Não significa que tenhamos que mudar tudo de um só golpe, o que está bom deve continuar na gestão que se atualiza.

Falta aos grupos de economia social serem mais incisivos na busca de apoio governamental, o que é difícil, em decorrência da degradação dos serviços públicos. Estes nos levaram a uma piora do nível social, pela pouca atenção recebida dos governos.

A inter cooperação e a união de maior número possível de entidades sociais para trabalhar por objetivos comuns, é necessária. Façamos parte!
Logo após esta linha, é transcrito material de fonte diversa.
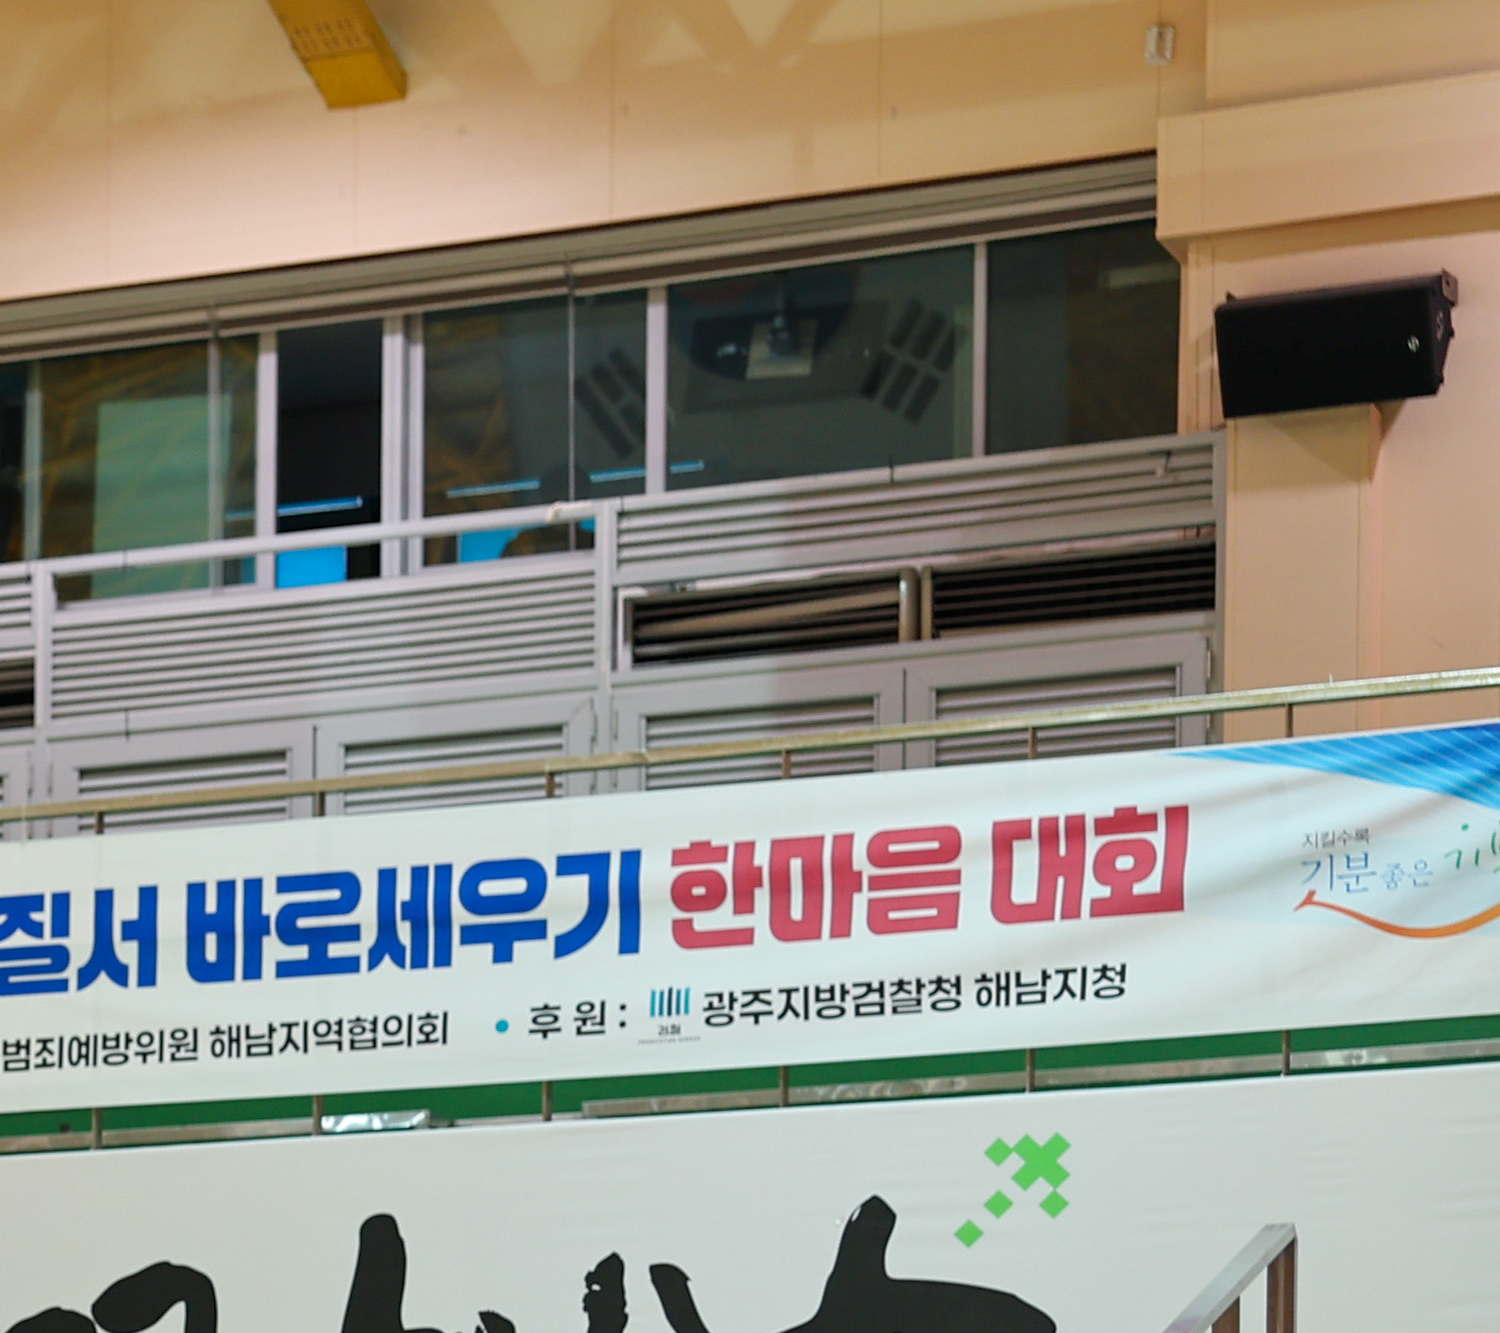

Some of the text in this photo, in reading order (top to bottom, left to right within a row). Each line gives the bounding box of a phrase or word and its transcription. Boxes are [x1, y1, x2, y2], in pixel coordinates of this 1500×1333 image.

7 DE JULHO, DIA INTERNACIONAL DO COOPERATIVISMO

Sociedades sustentáveis por meio da cooperação. 

No dia 7 de julho de 2018, cooperados de todo o mundo celebrarão o Dia Internacional das Cooperativas. Por meio do slogan Sociedades Sustentáveis através da cooperação, mostraremos que, graças aos nossos valores, princípios e estruturas de governança, as cooperativas possuem tanto sustentabilidade quanto resiliência em sua essência, já que o interesse pela comunidade é o sétimo de seus princípios orientadores. A Aliança Cooperativa Internacional está incentivando seus associados a usarem a hashtag #CoopsDay e o guia dos cooperados (versão em espanhol) para divulgar o evento.

“Nós representamos 1,2 bilhão de cooperados. Não há outro movimento econômico, social e político no mundo que, em menos de 200 anos, tenha crescido tanto quanto nós. Mas o crescimento não é o mais importante. Nós consumimos, produzimos e usamos os recursos que o planeta nos dá, de forma cuidadosa e com muito respeito ao meio ambiente e com as comunidades. É por isso que somos um parceiro fundamental para os Objetivos de Desenvolvimento Sustentável das Nações Unidas ”, afirma o presidente da Aliança Cooperativa Internacional, Ariel Guarco.
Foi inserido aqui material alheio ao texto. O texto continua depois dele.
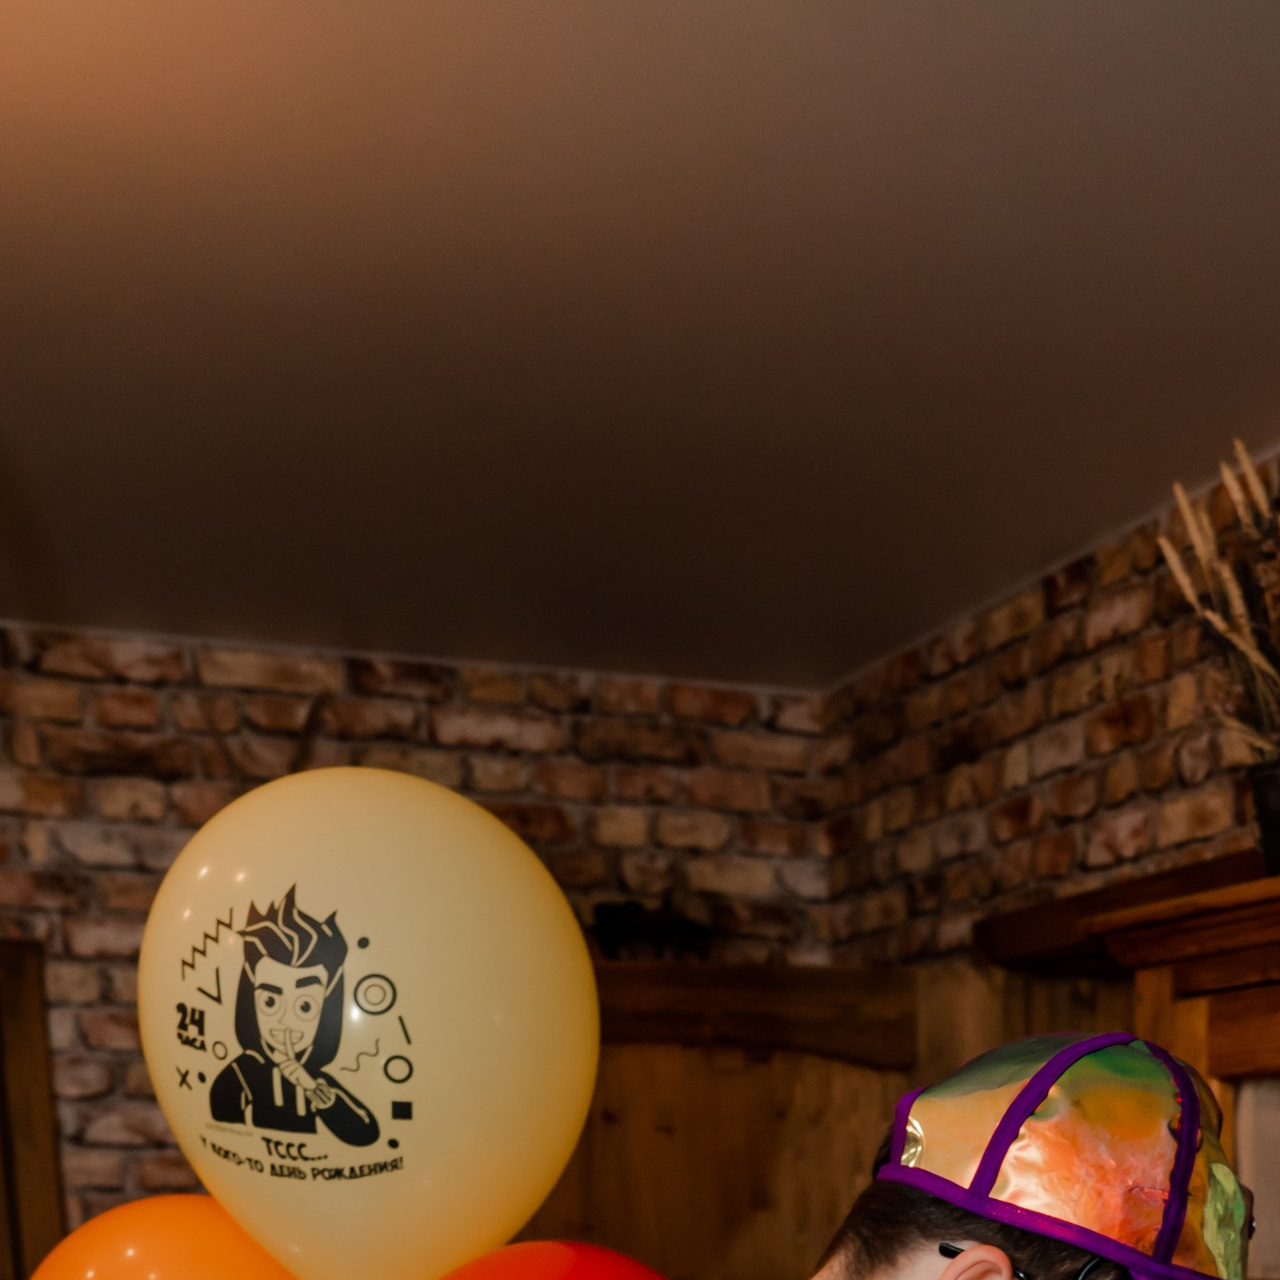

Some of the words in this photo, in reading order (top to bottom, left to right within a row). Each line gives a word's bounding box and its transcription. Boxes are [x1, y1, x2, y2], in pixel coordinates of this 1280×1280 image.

[175, 1002, 205, 1037] 24
[176, 1032, 207, 1052] ЧАСА
[261, 1136, 329, 1162] ТССС...
[270, 1162, 307, 1181] ДЕНЬ
[311, 1156, 404, 1181] РОЖДЕНИЯ!
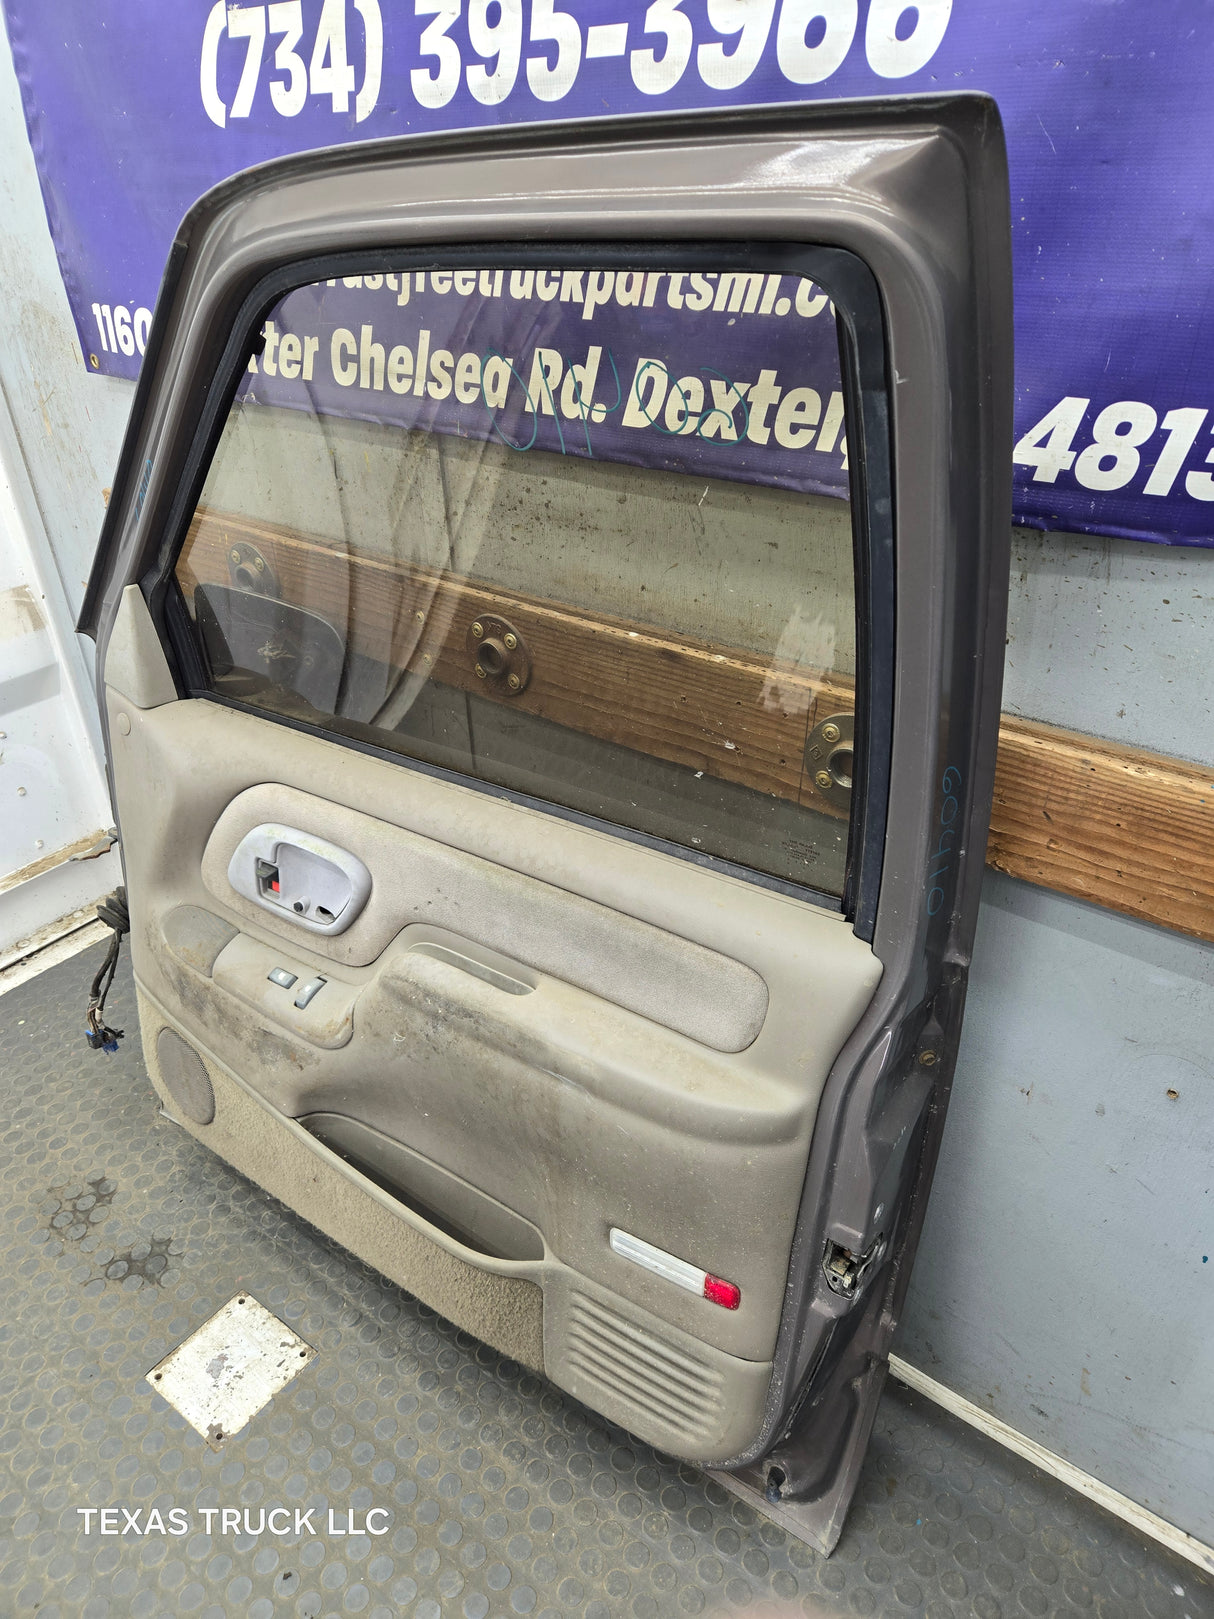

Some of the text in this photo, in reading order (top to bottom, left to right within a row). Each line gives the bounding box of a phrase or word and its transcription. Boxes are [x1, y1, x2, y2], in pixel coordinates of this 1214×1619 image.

[200, 0, 383, 128] (734)
[331, 325, 513, 408] Chelsea
[524, 345, 607, 423] Rd.
Sociedades sustentáveis são aquelas que correspondem aos limites ambientais, sociais e econômicos e conduzem ao crescimento. Por sua própria natureza, as cooperativas desempenham um papel triplo:

• Como atores econômicos, criam oportunidades de emprego, meios de subsistência e geração de renda;

• Como empresas centradas nas pessoas com objetivos sociais, contribuem para a igualdade e justiça social;

• Como instituições democráticas, são controladas por seus associados, desempenhando papel de liderança na sociedade e nas comunidades locais.
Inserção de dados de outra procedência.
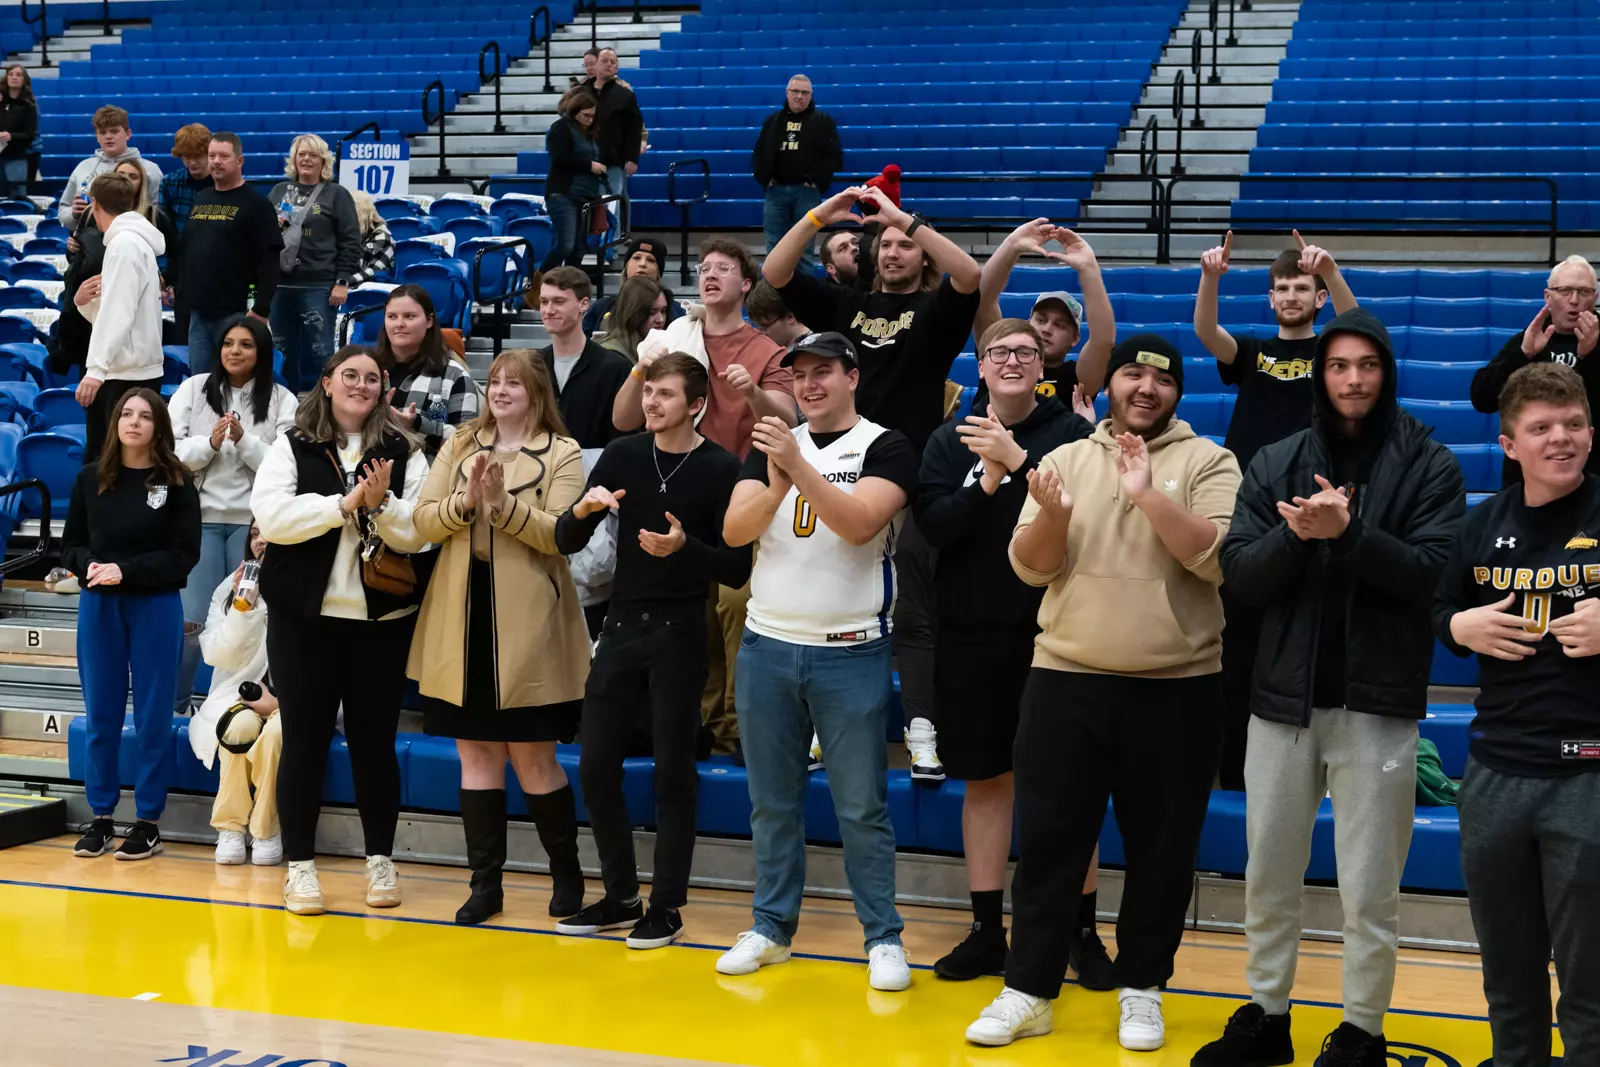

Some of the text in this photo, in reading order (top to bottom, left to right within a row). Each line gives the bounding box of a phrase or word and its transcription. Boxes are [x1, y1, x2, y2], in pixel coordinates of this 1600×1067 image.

[350, 143, 400, 159] SECTION
[354, 165, 395, 194] 107
[191, 204, 239, 216] PURDUE
[850, 311, 915, 338] PURDUE
[1473, 564, 1600, 590] PURDUE
[28, 631, 40, 647] B
[44, 715, 59, 733] A
Núcleo Cooperativista Habitacional

O  Núcleo Cooperativista Habitacional de Farroupilha (NUCHAFAR) concentra dez Cooperativas: Águas Claras, Bona Vitta, Esperança, Imigrantes, Monte Cristo, Novo Amanhã, Portal Nascente, Terra Gaúcha, Vinhedos, e Praia Farroupilha.

O Núcleo oferece apoio, destacando o contábil e jurídico, facilitando que as Cooperativas atuem de forma correta. Na coordenação do Núcleo estão Luiz Henrique Verner e Dilço Batista Rodrigues.

No dia 14 de abril de 2018, tendo como local a Câmara de Vereadores de Farroupilha, foi realizado encontro com Cooperativistas da região, tendo apoio do SESCOOP para apresentação sobre “Funções do Conselho Fiscal e do Conselho de Administração”. Na continuidade do mesmo evento, fez-se presente o IBRASCOOP, através dos seus membros Edson Luiz Doncatto e Pedro Inacio Mezzomo, discorrendo sobre “Cooperativas: Um desafio”.

Todos os presentes compreendem a função social das Cooperativas, prezando pela atividade correta, de modo que os sócios das Cooperativas locais concretizem o sonho de ter seu pedacinho de terra e sua moradia.